[Data under study — start]

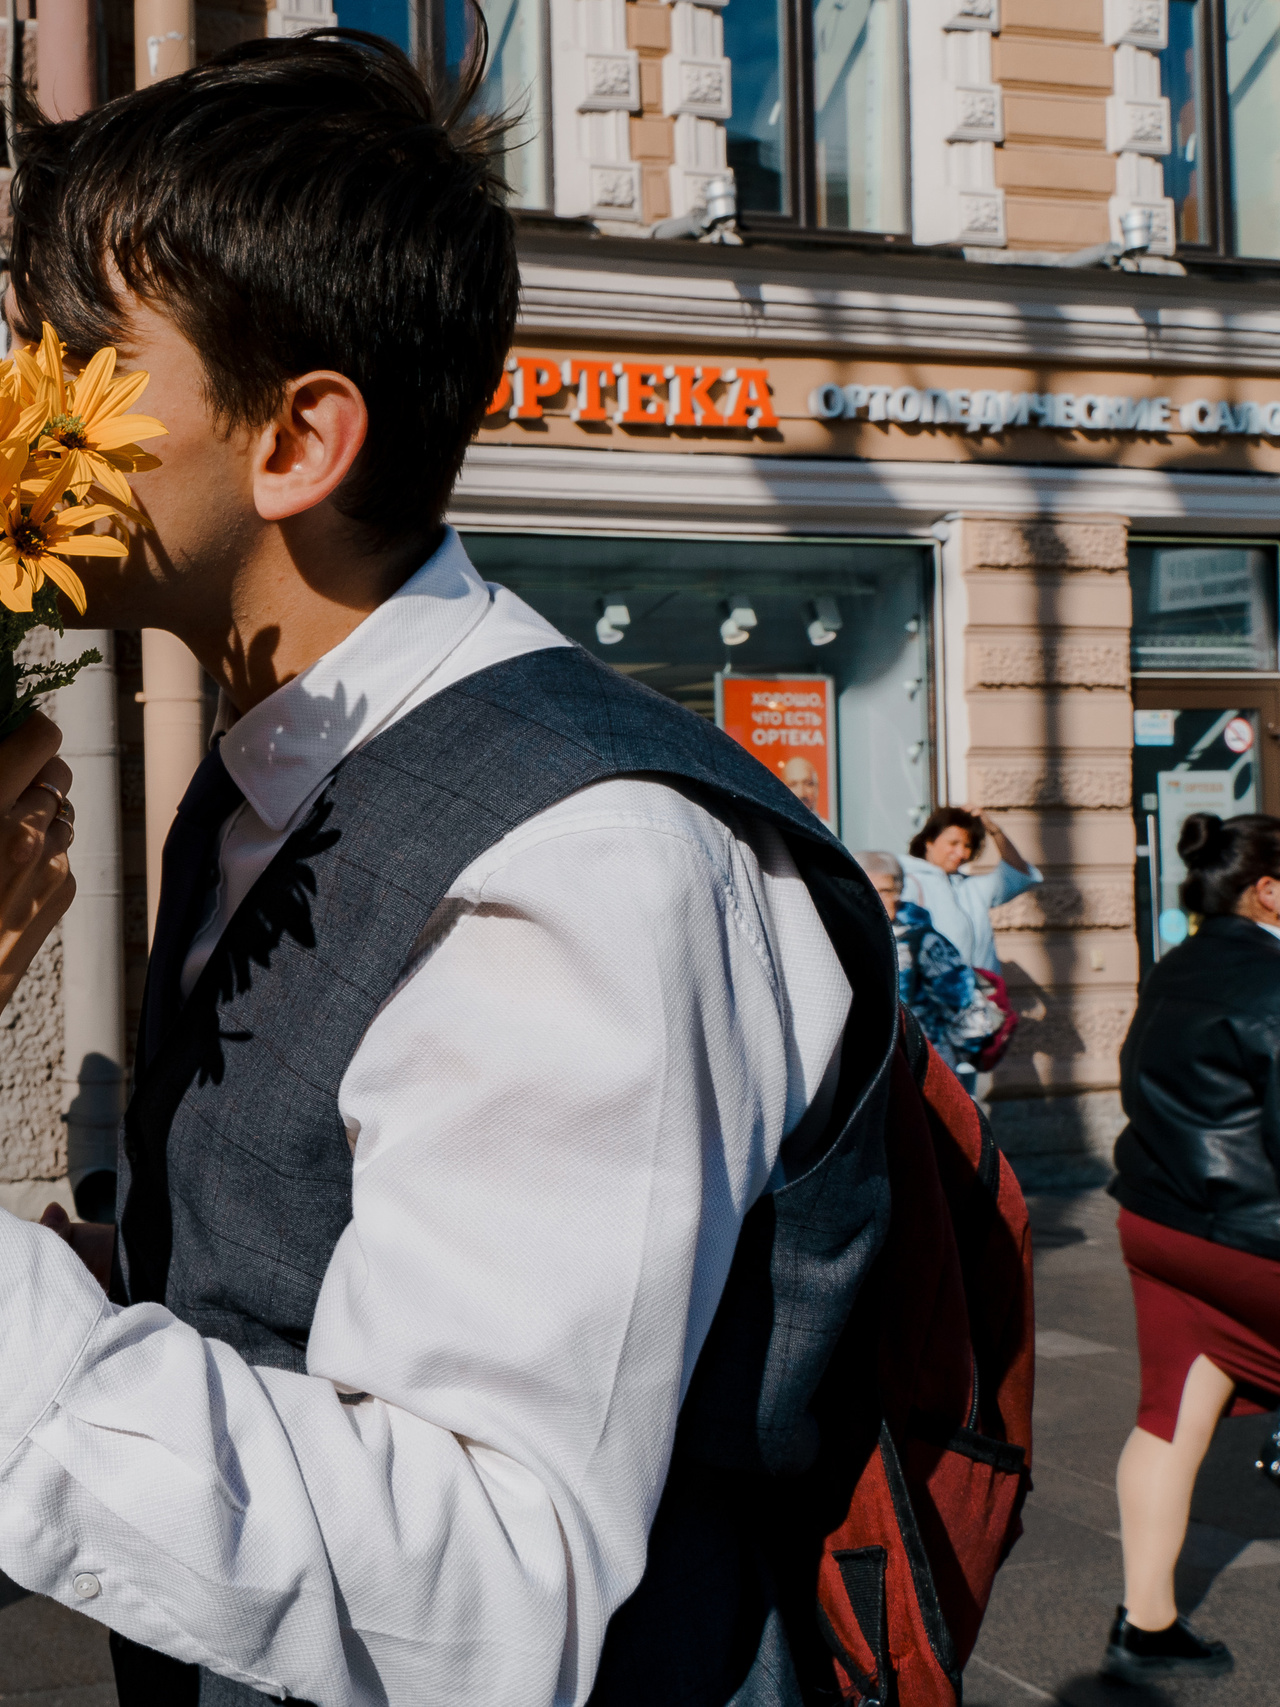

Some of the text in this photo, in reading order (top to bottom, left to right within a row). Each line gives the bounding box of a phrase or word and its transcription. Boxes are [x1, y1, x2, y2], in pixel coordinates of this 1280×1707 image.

[808, 382, 1171, 433] ОРТОПЕДИЧЕСКИЕ
[751, 691, 825, 709] ХОРОШО,
[751, 711, 823, 726] ЧТО ЕСТЬ
[751, 728, 825, 746] ОРТЕКА

[Data under study — finish]

=== Exercise description ===
Give back the listing unchanged. Strip out the pictures.

=== Finished task ===
Some of the text in this photo, in reading order (top to bottom, left to right within a row). Each line gives the bounding box of a phrase or word and its transcription. Boxes are [x1, y1, x2, y2], in pixel coordinates of this 1280×1707 image.

[808, 382, 1171, 433] ОРТОПЕДИЧЕСКИЕ
[751, 691, 825, 709] ХОРОШО,
[751, 711, 823, 726] ЧТО ЕСТЬ
[751, 728, 825, 746] ОРТЕКА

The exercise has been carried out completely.